- Origin: Paris, France
- Genres: Euro disco, pop
- Years active: 1977–1979
- Past members: Evelyne Lenton Giusy Fortes Marzia Thear

= Belle Epoque (band) =

French female vocal trio

Belle Epoque (also referenced in some sources as La Belle Epoque; French for "(the) beautiful past") was the name of a female vocal trio, based in Paris, France. The group first rose to popularity during the late 1970s with a disco remake of the song "Black Is Black", originally a hit in 1966 for the Spanish group Los Bravos.

==History==
Belle Epoque consisted of lead singer Evelyne Lenton, a French singer who began recording and performing in the early 1960s under the name Evy, and two back-up singers. Originally, the back-up singers were Jusy Fortes (also known as Judy Lisboa), originating from Cape Verde, and Marcia Briscoe (also known as Marcia Briscue), hailing from Atlanta, Georgia. However, over time, as Lenton notes, "The girls kept changing with the circumstances."

The trio scored a major European hit in 1977 with their disco remake of "Black Is Black". The Belle Epoque version was a top ten hit in many European countries, including number 2 in the UK Singles Chart (the same chart position that Los Bravos' original had reached there 11 years earlier). The song also became a number 1 hit in Australia in 1978.

In the US, Belle Epoque are better known for another song, "Miss Broadway", which charted at number 26 on the U.S. R&B chart and at number 92 on the Billboard Hot 100 in 1978. "Miss Broadway" and "Black Is Black" both rose to number 21 on Billboard's "National Disco Action Top 40" chart in summer 1977.

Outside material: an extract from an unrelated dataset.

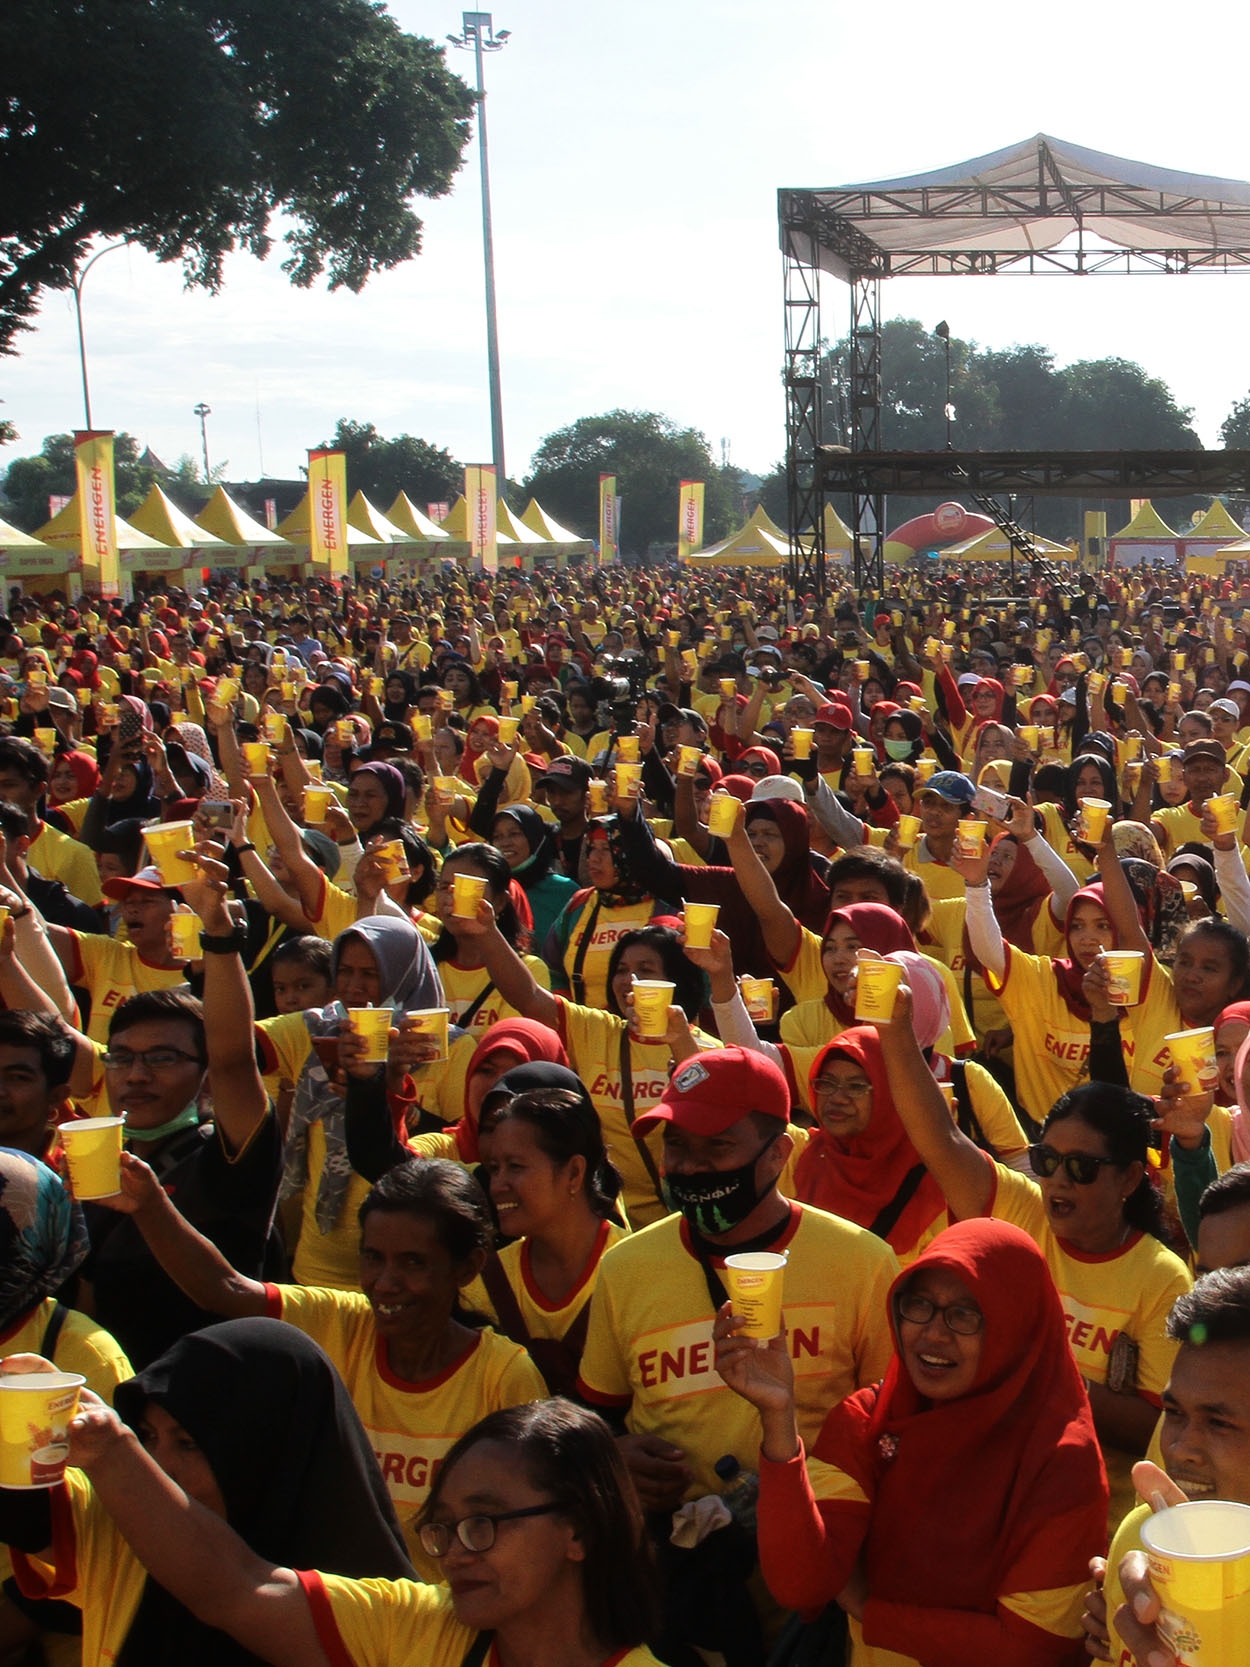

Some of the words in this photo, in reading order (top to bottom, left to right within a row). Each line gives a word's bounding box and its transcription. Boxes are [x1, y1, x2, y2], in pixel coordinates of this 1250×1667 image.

[89, 466, 109, 556] ENERGEN
[324, 479, 337, 550] ENERGEN
[687, 498, 695, 544] ENERGEN
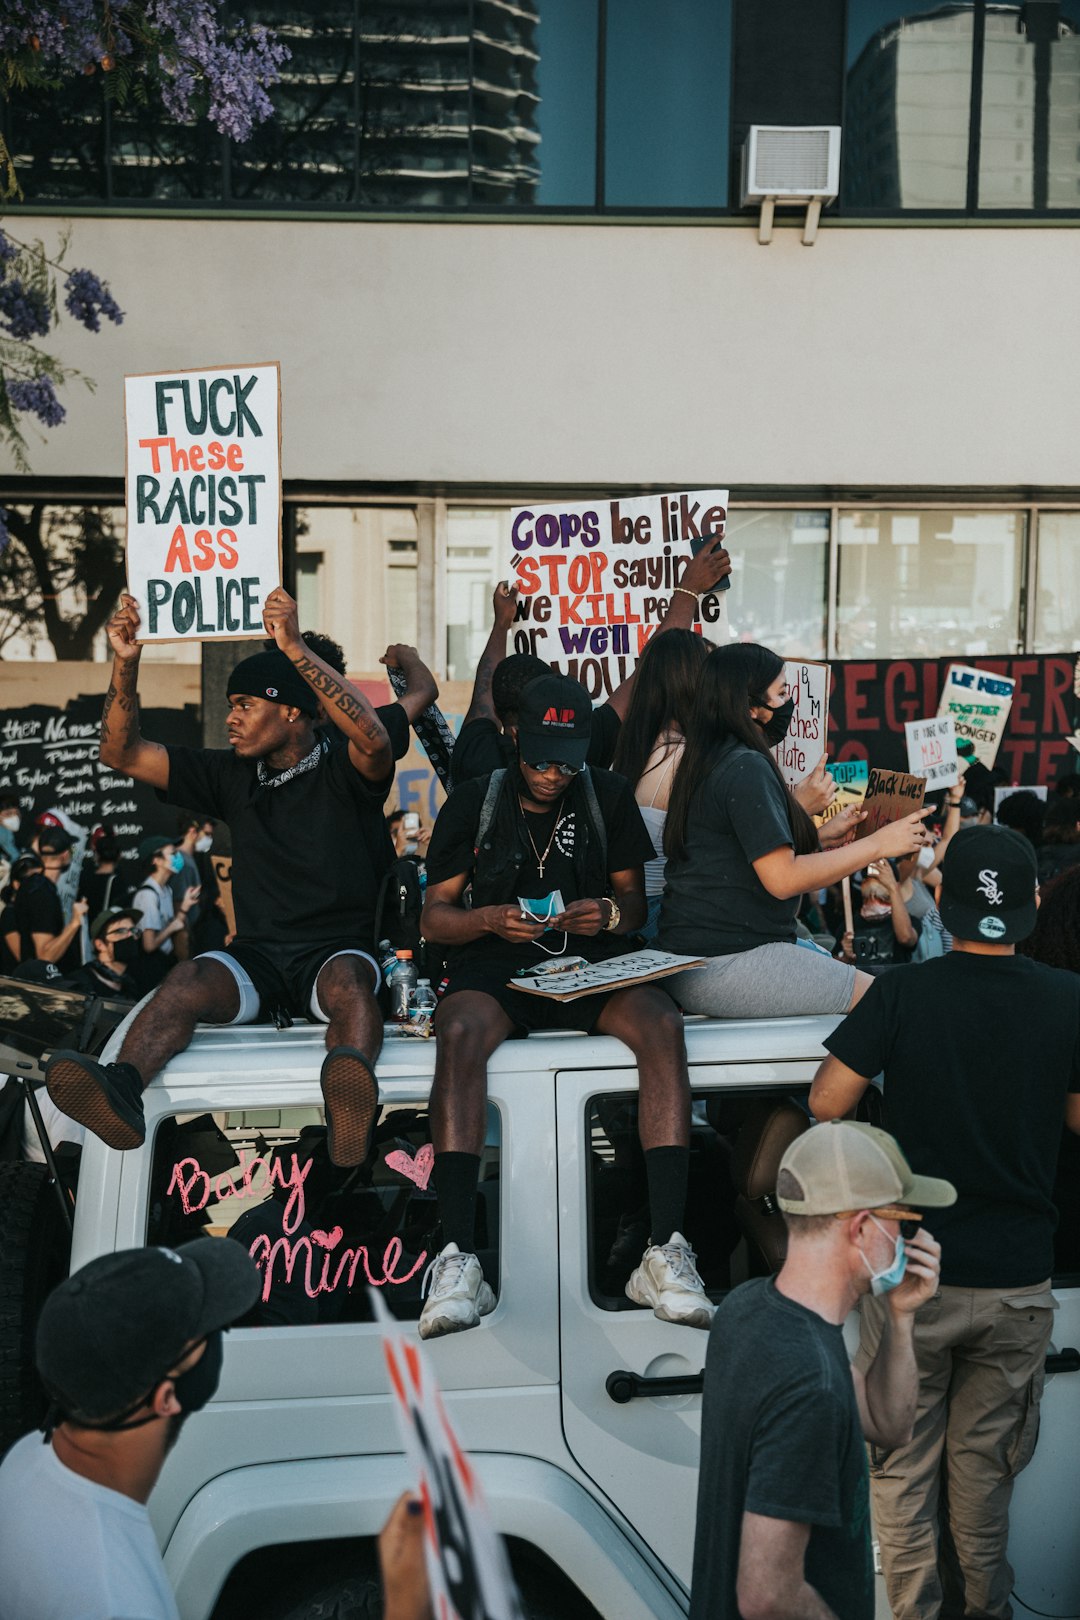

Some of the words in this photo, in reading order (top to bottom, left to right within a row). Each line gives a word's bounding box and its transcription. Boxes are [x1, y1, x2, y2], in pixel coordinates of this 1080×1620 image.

Other hits in continental Europe followed into the late 1970s. Lenton began recording solo again in 1983, although she has worked with contemporary music producers to craft remixes of "Black Is Black" and "Miss Broadway".

Evelyne Lenton died on 22 April 2026, at the age of 80.

==Name==
In UK sources, such as David Roberts' British Hit Singles & Albums, the band is listed by the name "La Belle Epoque". In US sources, such as Joel Whitburn's Hot Dance/Disco 1974–2003 and Top Pop Singles 1955–2002, the group is listed as "Belle Epoque". Evelyne Lenton's official website lists the band's name as "Belle Epoque". "Belle Epoque" is also the name listed for the group on its first US album, Miss Broadway, released in 1977 on Big Tree Records (BT 76008). But the cover of their "Black Is Black" single (extended version) is shown as "La Belle Epoque". A reproduction of this cover can be seen online at YouTube.

==Discography==
===Albums===
- Miss Broadway (1977)
- Bamalama (1978)
- Now (1979)

===Singles===

Year: Title; Peak chart positions; Certifications
AUS: AUT; BEL (FL); CAN; GER; IRE; NL 100; NOR; SWI; UK; US
1977: "Black Is Black"; 1; 3; 4; —; 2; 3; 7; 7; 6; 2; —; BPI: Gold;
"Miss Broadway": —; 13; 15; —; 8; —; 11; —; —; —; 92
1978: "Bamalama"; —; —; 26; 8; 38; —; —; —; —; —; —
"Let Men Be": —; —; —; —; —; —; —; —; —; —; —
"Com' On Tonight" / "Stranger Once Again": —; —; —; —; —; —; —; —; —; —
1979: "Now" (Germany-only release); —; —; —; —; —; —; —; —; —; —; —
"Jump Down": —; —; —; —; —; —; —; —; —; —; —
"—" denotes releases that did not chart or were not released in that territory.